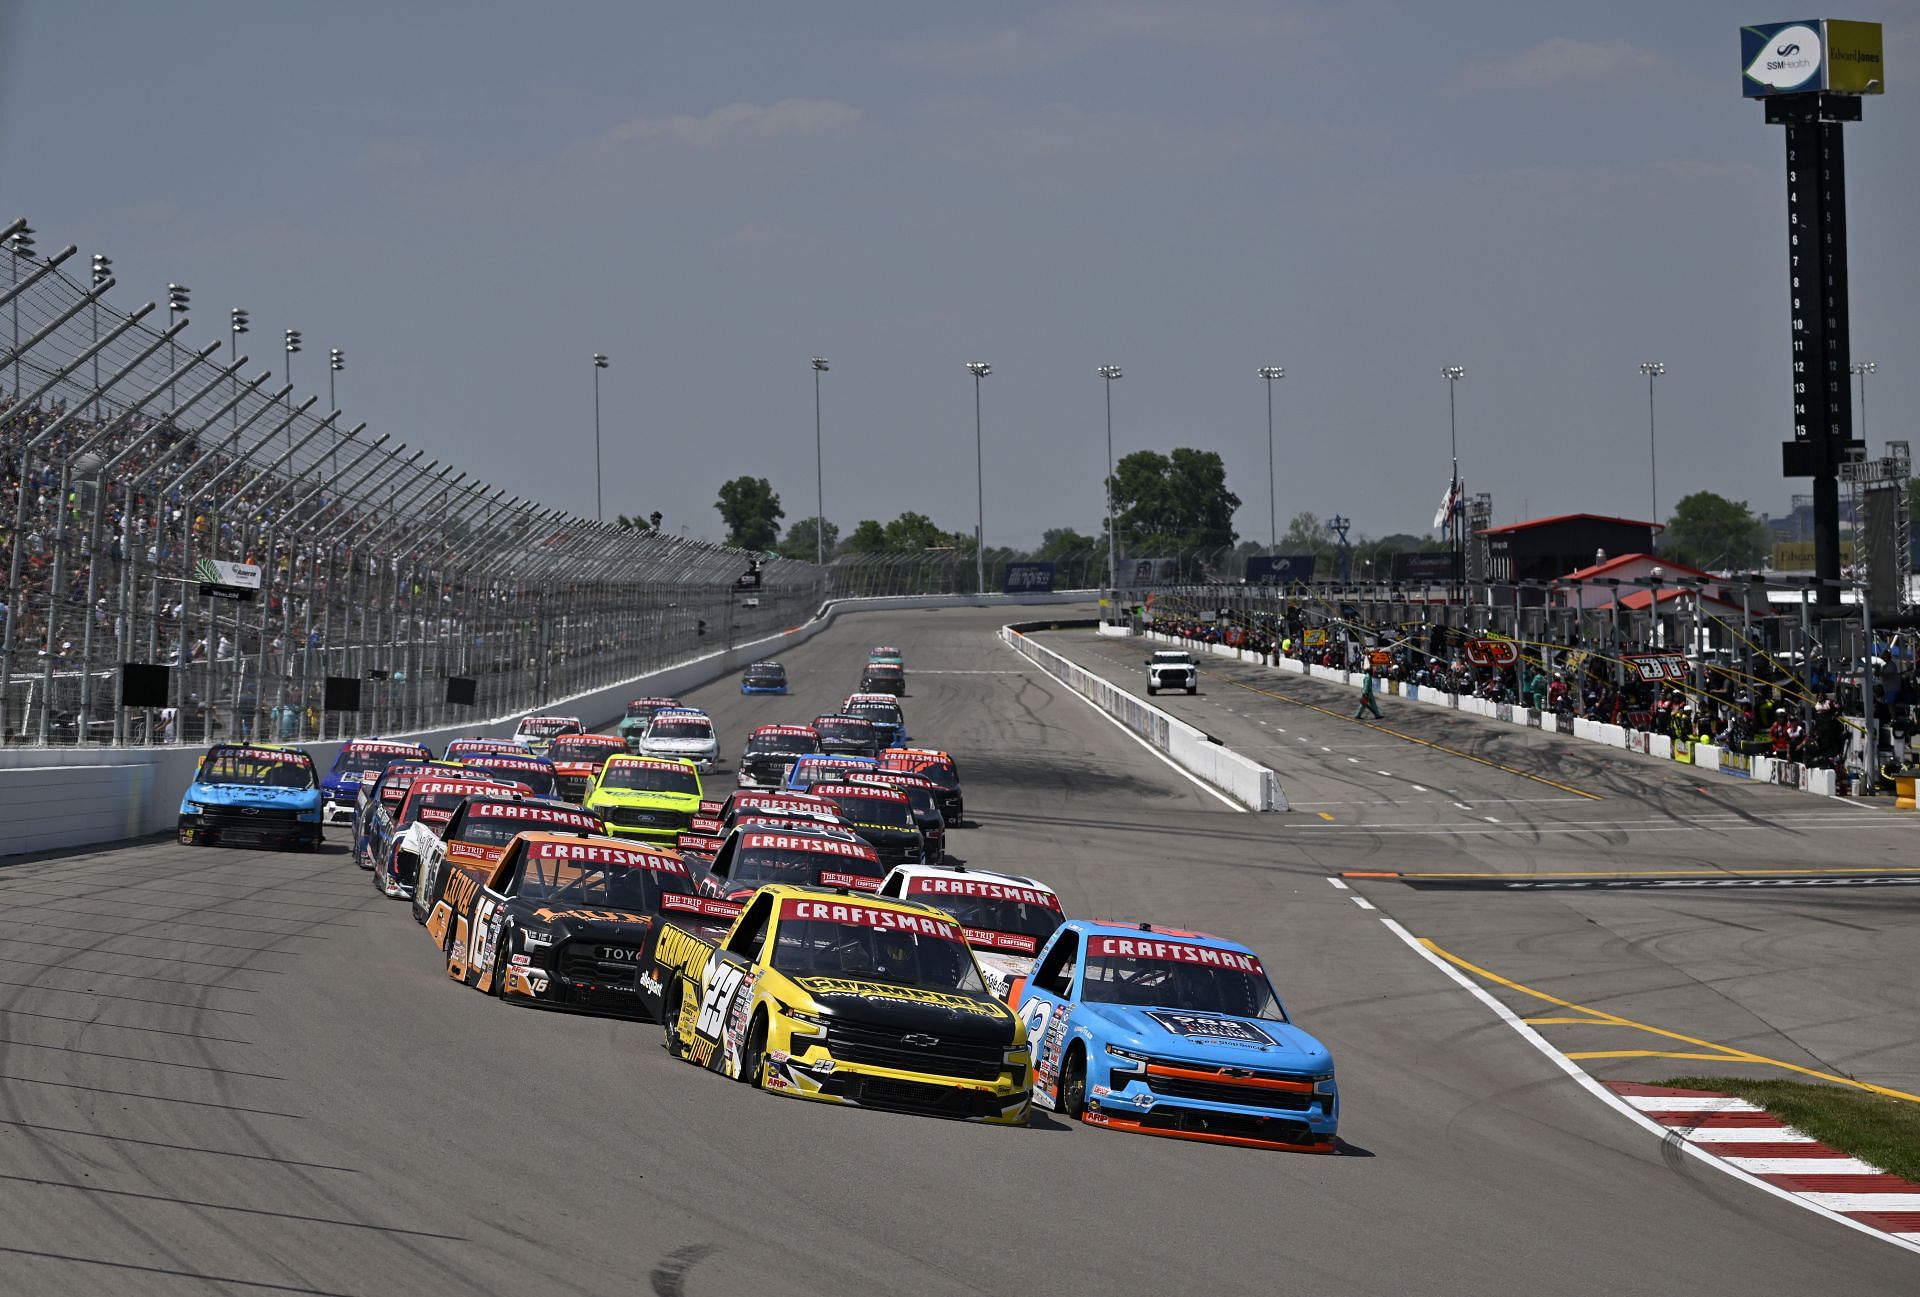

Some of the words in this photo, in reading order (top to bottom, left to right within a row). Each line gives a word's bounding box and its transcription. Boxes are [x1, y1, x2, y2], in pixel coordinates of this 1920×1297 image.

[1790, 130, 1795, 139] 1
[1790, 151, 1795, 160] 2
[1790, 171, 1796, 182] 3
[1791, 192, 1797, 202] 4
[1791, 213, 1797, 224] 5
[1792, 235, 1798, 245] 6
[1793, 256, 1799, 266] 7
[1793, 277, 1799, 287] 8
[1794, 298, 1800, 309] 9
[1793, 319, 1803, 330] 10
[1794, 341, 1803, 351] 11
[1794, 362, 1804, 372] 12
[1795, 383, 1805, 393] 13
[1795, 404, 1805, 414] 14
[1796, 425, 1806, 435] 15
[525, 718, 580, 726] CRAFTSMAN
[760, 729, 814, 737] CRAFTSMAN
[560, 737, 621, 747] CRAFTSMAN
[350, 744, 424, 756] CRAFTSMAN
[456, 743, 523, 753] CRAFTSMAN
[217, 749, 303, 762] CRAFTSMAN
[885, 753, 946, 764] CRAFTSMAN
[467, 757, 548, 772] CRAFTSMAN
[614, 759, 688, 772] CRAFTSMAN
[805, 758, 873, 769] CRAFTSMAN
[850, 773, 923, 786] CRAFTSMAN
[818, 785, 899, 799] CRAFTSMAN
[741, 798, 832, 814] CRAFTSMAN
[480, 805, 595, 828] CRAFTSMAN
[705, 820, 718, 828] TRIP
[693, 838, 707, 846] TRIP
[751, 836, 865, 857] CRAFTSMAN
[452, 844, 466, 852] THE
[466, 846, 485, 855] TRIP
[541, 844, 677, 872] CRAFTSMAN
[822, 872, 836, 880] THE
[837, 874, 854, 883] TRIP
[922, 879, 1050, 907] CRAFTSMAN
[664, 894, 681, 904] THE
[682, 896, 702, 908] TRIP
[707, 905, 739, 916] CRAFTSMAN
[797, 903, 953, 938] CRAFTSMAN
[963, 929, 974, 937] HE
[974, 930, 995, 941] TRIP
[1000, 938, 1032, 949] CRAFTSMAN
[655, 922, 714, 981] CHAMPION
[1103, 939, 1253, 972] CRAFTSMAN
[530, 977, 550, 993] 16
[696, 962, 745, 1040] 23
[812, 1059, 836, 1074] 23
[767, 1077, 788, 1088] ARP
[1132, 1093, 1154, 1108] 43
[1087, 1112, 1108, 1122] ARP

━━━━━━━━━━

TASK OBJECTIVE |
Copy every line above exactly, leaving no picture in the copy.

ANSWER |
Some of the words in this photo, in reading order (top to bottom, left to right within a row). Each line gives a word's bounding box and its transcription. Boxes are [x1, y1, x2, y2], in pixel coordinates of this 1920×1297 image.

[1790, 130, 1795, 139] 1
[1790, 151, 1795, 160] 2
[1790, 171, 1796, 182] 3
[1791, 192, 1797, 202] 4
[1791, 213, 1797, 224] 5
[1792, 235, 1798, 245] 6
[1793, 256, 1799, 266] 7
[1793, 277, 1799, 287] 8
[1794, 298, 1800, 309] 9
[1793, 319, 1803, 330] 10
[1794, 341, 1803, 351] 11
[1794, 362, 1804, 372] 12
[1795, 383, 1805, 393] 13
[1795, 404, 1805, 414] 14
[1796, 425, 1806, 435] 15
[525, 718, 580, 726] CRAFTSMAN
[760, 729, 814, 737] CRAFTSMAN
[560, 737, 621, 747] CRAFTSMAN
[350, 744, 424, 756] CRAFTSMAN
[456, 743, 523, 753] CRAFTSMAN
[217, 749, 303, 762] CRAFTSMAN
[885, 753, 946, 764] CRAFTSMAN
[467, 757, 548, 772] CRAFTSMAN
[614, 759, 688, 772] CRAFTSMAN
[805, 758, 873, 769] CRAFTSMAN
[850, 773, 923, 786] CRAFTSMAN
[818, 785, 899, 799] CRAFTSMAN
[741, 798, 832, 814] CRAFTSMAN
[480, 805, 595, 828] CRAFTSMAN
[705, 820, 718, 828] TRIP
[693, 838, 707, 846] TRIP
[751, 836, 865, 857] CRAFTSMAN
[452, 844, 466, 852] THE
[466, 846, 485, 855] TRIP
[541, 844, 677, 872] CRAFTSMAN
[822, 872, 836, 880] THE
[837, 874, 854, 883] TRIP
[922, 879, 1050, 907] CRAFTSMAN
[664, 894, 681, 904] THE
[682, 896, 702, 908] TRIP
[707, 905, 739, 916] CRAFTSMAN
[797, 903, 953, 938] CRAFTSMAN
[963, 929, 974, 937] HE
[974, 930, 995, 941] TRIP
[1000, 938, 1032, 949] CRAFTSMAN
[655, 922, 714, 981] CHAMPION
[1103, 939, 1253, 972] CRAFTSMAN
[530, 977, 550, 993] 16
[696, 962, 745, 1040] 23
[812, 1059, 836, 1074] 23
[767, 1077, 788, 1088] ARP
[1132, 1093, 1154, 1108] 43
[1087, 1112, 1108, 1122] ARP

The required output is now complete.